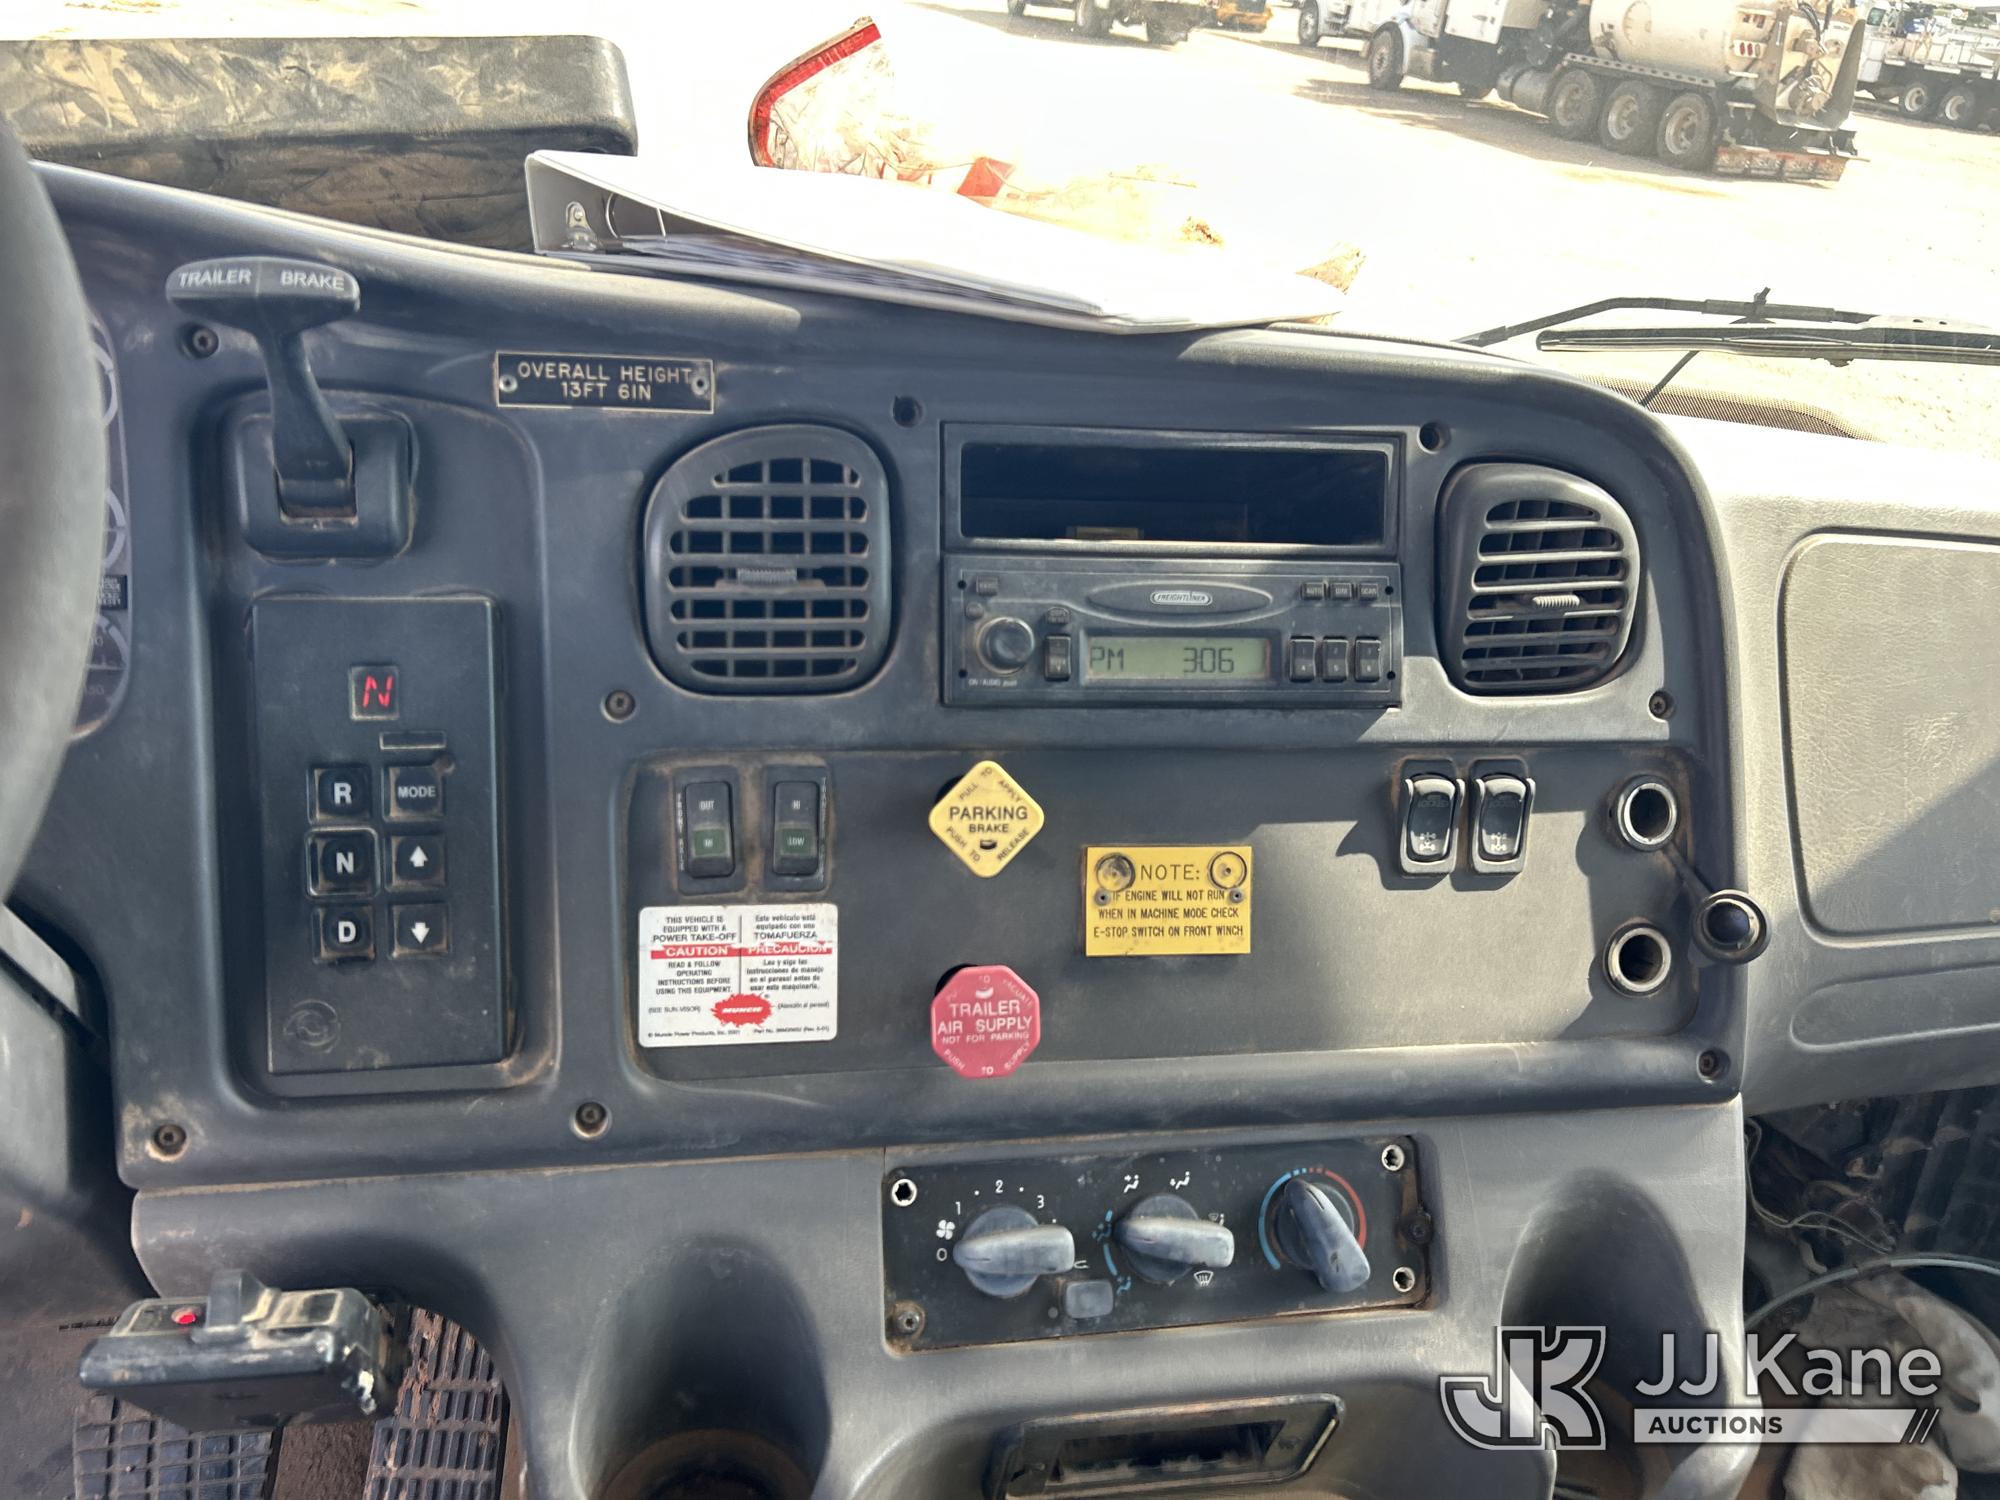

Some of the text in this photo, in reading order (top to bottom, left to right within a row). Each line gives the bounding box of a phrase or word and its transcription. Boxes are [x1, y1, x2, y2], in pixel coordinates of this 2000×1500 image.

[178, 268, 344, 291] TRAILER BRAKE
[518, 361, 692, 384] OVERALL HEIGHT
[562, 382, 652, 400] 13FT 6IN
[1156, 593, 1208, 602] FREIGHTLINER
[1090, 646, 1124, 671] PM
[363, 675, 394, 708] N
[334, 782, 352, 804] R
[398, 786, 436, 798] MODE
[959, 783, 979, 801] PULL
[998, 780, 1023, 802] APPLY
[700, 800, 714, 811] OUT
[792, 800, 800, 811] HI
[950, 806, 1028, 820] PARKING
[969, 824, 1009, 833] BRAKE
[788, 836, 805, 846] LOW
[946, 826, 967, 848] PUSH
[997, 828, 1029, 860] RELEASE
[336, 852, 354, 873] N
[969, 850, 981, 862] TO
[1140, 864, 1200, 880] NOTE:
[1112, 890, 1225, 901] IF ENGINE WILL NOT RUN
[685, 916, 714, 924] VEHICLE
[1099, 908, 1239, 919] WHEN IN MACHINE MODE CHECK
[338, 921, 356, 943] D
[663, 925, 698, 934] EQUIPPED
[756, 923, 787, 932] equipado
[1094, 925, 1244, 938] E-STOP SWITCH ON FRONT WINCH
[691, 933, 736, 942] TAKE-OFF
[754, 931, 817, 940] TOMAFUERZA
[666, 946, 728, 957] CAUTION
[950, 1000, 1020, 1018] TRAILER
[938, 1016, 1032, 1034] AIR SUPPLY
[942, 1032, 1030, 1044] NOT FOR PARKING
[944, 1049, 965, 1070] PUSH
[1004, 1042, 1030, 1070] SUPPLY
[982, 1066, 994, 1075] TO
[995, 1180, 1004, 1194] 2
[955, 1201, 961, 1215] 1
[1037, 1195, 1044, 1208] 3

**WHAT THE EXERCISE ASKS**
Your task is to return the entries above exactly, with no pictures.

**RESPONSE TO THIS EXERCISE**
Some of the text in this photo, in reading order (top to bottom, left to right within a row). Each line gives the bounding box of a phrase or word and its transcription. Boxes are [x1, y1, x2, y2], in pixel coordinates of this 2000×1500 image.

[178, 268, 344, 291] TRAILER BRAKE
[518, 361, 692, 384] OVERALL HEIGHT
[562, 382, 652, 400] 13FT 6IN
[1156, 593, 1208, 602] FREIGHTLINER
[1090, 646, 1124, 671] PM
[363, 675, 394, 708] N
[334, 782, 352, 804] R
[398, 786, 436, 798] MODE
[959, 783, 979, 801] PULL
[998, 780, 1023, 802] APPLY
[700, 800, 714, 811] OUT
[792, 800, 800, 811] HI
[950, 806, 1028, 820] PARKING
[969, 824, 1009, 833] BRAKE
[788, 836, 805, 846] LOW
[946, 826, 967, 848] PUSH
[997, 828, 1029, 860] RELEASE
[336, 852, 354, 873] N
[969, 850, 981, 862] TO
[1140, 864, 1200, 880] NOTE:
[1112, 890, 1225, 901] IF ENGINE WILL NOT RUN
[685, 916, 714, 924] VEHICLE
[1099, 908, 1239, 919] WHEN IN MACHINE MODE CHECK
[338, 921, 356, 943] D
[663, 925, 698, 934] EQUIPPED
[756, 923, 787, 932] equipado
[1094, 925, 1244, 938] E-STOP SWITCH ON FRONT WINCH
[691, 933, 736, 942] TAKE-OFF
[754, 931, 817, 940] TOMAFUERZA
[666, 946, 728, 957] CAUTION
[950, 1000, 1020, 1018] TRAILER
[938, 1016, 1032, 1034] AIR SUPPLY
[942, 1032, 1030, 1044] NOT FOR PARKING
[944, 1049, 965, 1070] PUSH
[1004, 1042, 1030, 1070] SUPPLY
[982, 1066, 994, 1075] TO
[995, 1180, 1004, 1194] 2
[955, 1201, 961, 1215] 1
[1037, 1195, 1044, 1208] 3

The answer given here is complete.